Before we answer that, let’s take stock of our own reality. While we have recently discovered oil, agriculture is currently the heart and soul of our economy. At least 72 percent of Ugandans are employed in agriculture. Transforming agriculture will certainly benefit most Ugandans. Elsewhere, the Netherlands earns more than $100b from agricultural exports. It is the second largest agricultural exporter in the world. The Netherlands is about six times smaller than Uganda.

So, why does the Netherlands earn almost 14 times our Budget from its agriculture alone? What kind of farming are they doing that produces such astronomical wealth? Of course, the Dutch have found incredible eco-friendly ways to be the food basket of the world. However, agriculture has been transformed by more than new farming methods. In reality, global agriculture has been transformed, to a great degree, by oil.

One study states that “in 1900, American farmers needed an average of about three minutes labour to produce 1kg of wheat, but by 2000, the time was down to just two seconds and the best producers now do it in one second”.  As efficiency increased, Americans employed in agriculture reduced from about 40 percent of the population in 1900 to 1.4 percent of the population today. This is as a result of the massive mechanisation of agricultural activities which was made possible by fuel-powered engines in tractors.

We have also seen better yields as a result of the use of inorganic fertilisers. Natural gas is used to produce inorganic fertilisers. Oil and gas are also used in the manufacture of pesticides. Oil is needed at all stages of food production: from planting, irrigation, feeding and harvesting, through to processing, distribution and packaging. Previously, agriculture was powered by the sun and organic fertilisers, now we need oil and gas.

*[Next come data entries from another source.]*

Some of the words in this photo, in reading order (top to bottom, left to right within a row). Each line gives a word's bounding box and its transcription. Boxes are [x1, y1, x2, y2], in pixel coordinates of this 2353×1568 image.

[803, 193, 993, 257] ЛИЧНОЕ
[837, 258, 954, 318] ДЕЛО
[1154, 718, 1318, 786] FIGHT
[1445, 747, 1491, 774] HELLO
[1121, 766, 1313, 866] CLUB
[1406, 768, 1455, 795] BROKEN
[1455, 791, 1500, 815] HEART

Ecologist Howard Odum wrote, “The great conceit of industrial man imagined that his progress in agricultural yields was due to new know-how. This is a sad hoax, for industrial man no longer eats potatoes made from solar energy; now he eats potatoes partly made of oil.”

The logistics required to make sure that flowers sold in Amsterdam reach New York on the same day are logistics entirely dependent on oil. Another by-product of oil is asphalt. Asphalt is mainly used for paving roads. American refineries produce 30 million tonnes of asphalt per year.

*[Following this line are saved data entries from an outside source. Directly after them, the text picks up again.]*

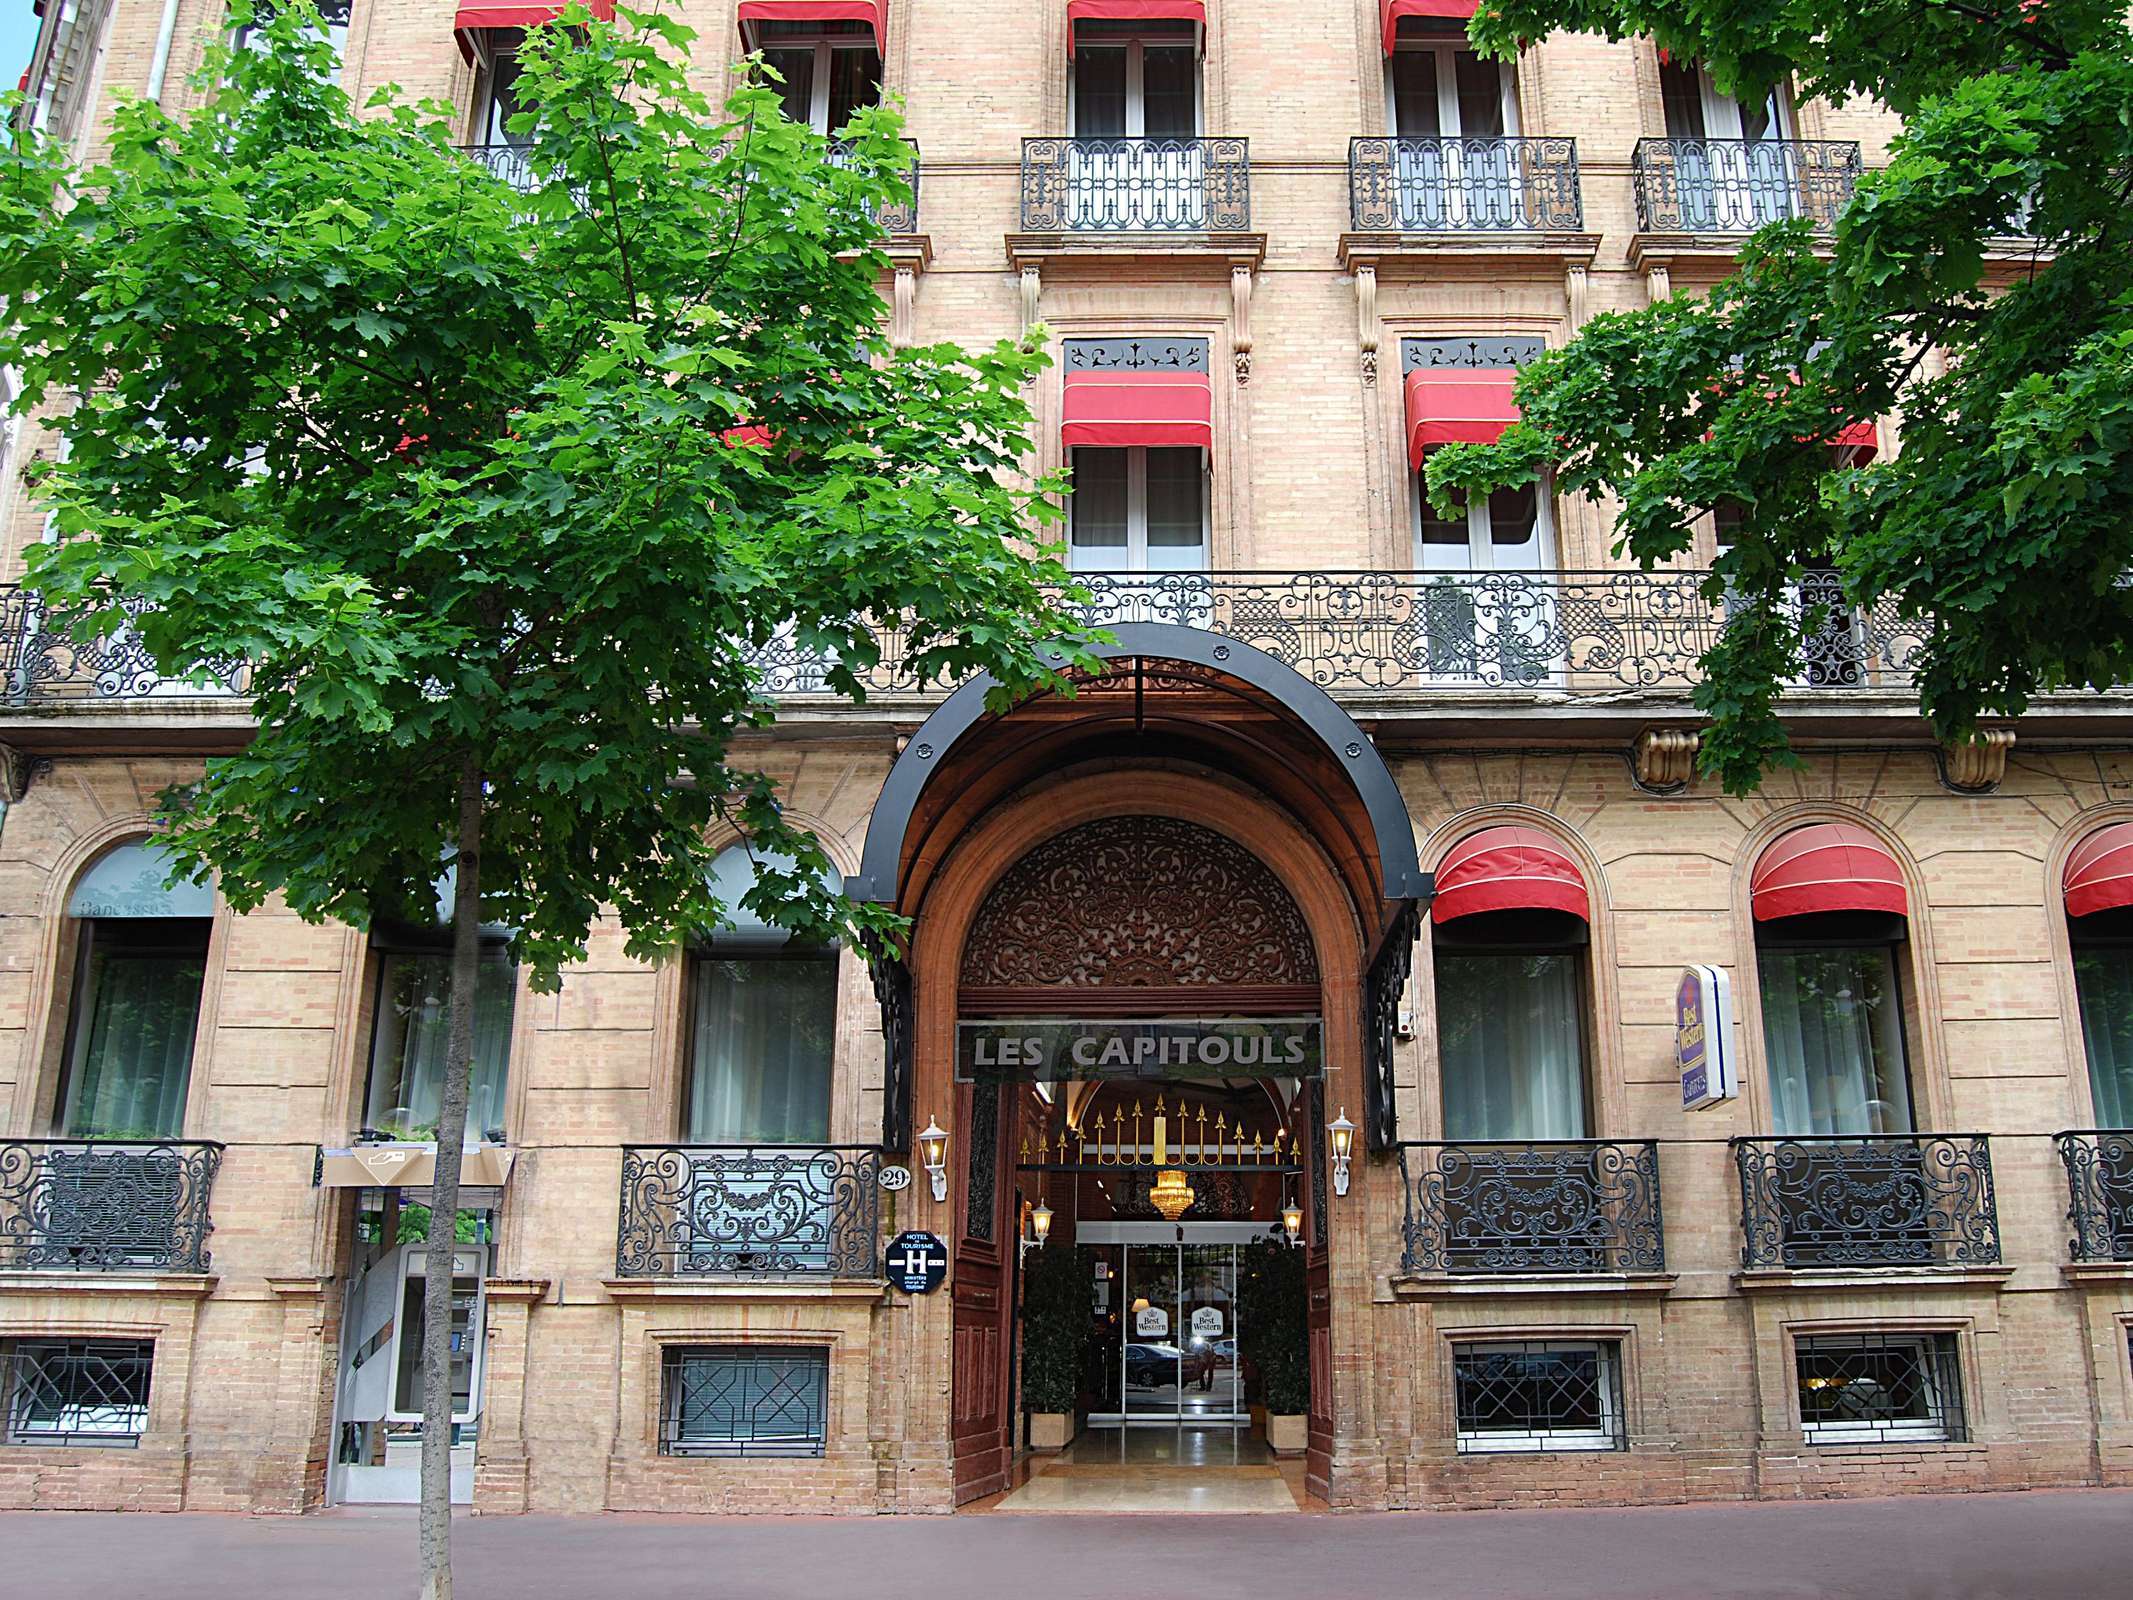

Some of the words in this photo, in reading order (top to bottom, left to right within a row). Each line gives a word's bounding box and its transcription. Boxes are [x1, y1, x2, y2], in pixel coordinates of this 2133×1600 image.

[1683, 1003, 1697, 1025] Best
[1679, 1023, 1704, 1051] Western
[974, 1038, 1043, 1066] LES
[1072, 1035, 1306, 1066] CAPITOULS
[884, 1170, 906, 1186] 29
[906, 1250, 927, 1274] H
[1138, 1323, 1166, 1331] Western
[1194, 1323, 1221, 1331] Western

It is safe to say, oil spurs and fuels industrialisation. In 1970, China consumed 540,000 barrels of oil per day. Today, China consumes 14.23 million barrels of oil per day. In that same period, China has lifted about 700 million people out of poverty. It has also become the world’s factory. China’s industrial revolution has certainly been driven by increased use of oil. America consumes 19.78 million barrels of oil per day. It is the biggest consumer in the world and the most advanced country in the world. In Uganda, we consume approximately 37,000 barrels of oil per day. In other words, we consume 0.0004 percent of global oil.

So, how did the advanced countries achieve an improved quality of life? By using oil. Oil discovery - alone - may not actually transform a country. Saudi Arabia, for example, is not as advanced as Japan and for many in Africa, oil discovery has left them worse than it found them. However, I am yet to learn of a country that has been transformed by relying on wind energy.

In light of this, we need to add value to what we produce,  including adding value to our oil. It means building the refinery and establishing a petrochemical industry. Policymakers across government must prioritise this. Any discussion about transformation to achieve the high quality of life that is enjoyed by the Americans, the Canadians, the Europeans and the East Asians must include plans to establish the refinery and to support efforts towards agriculture industrialisation. No commodity is an island.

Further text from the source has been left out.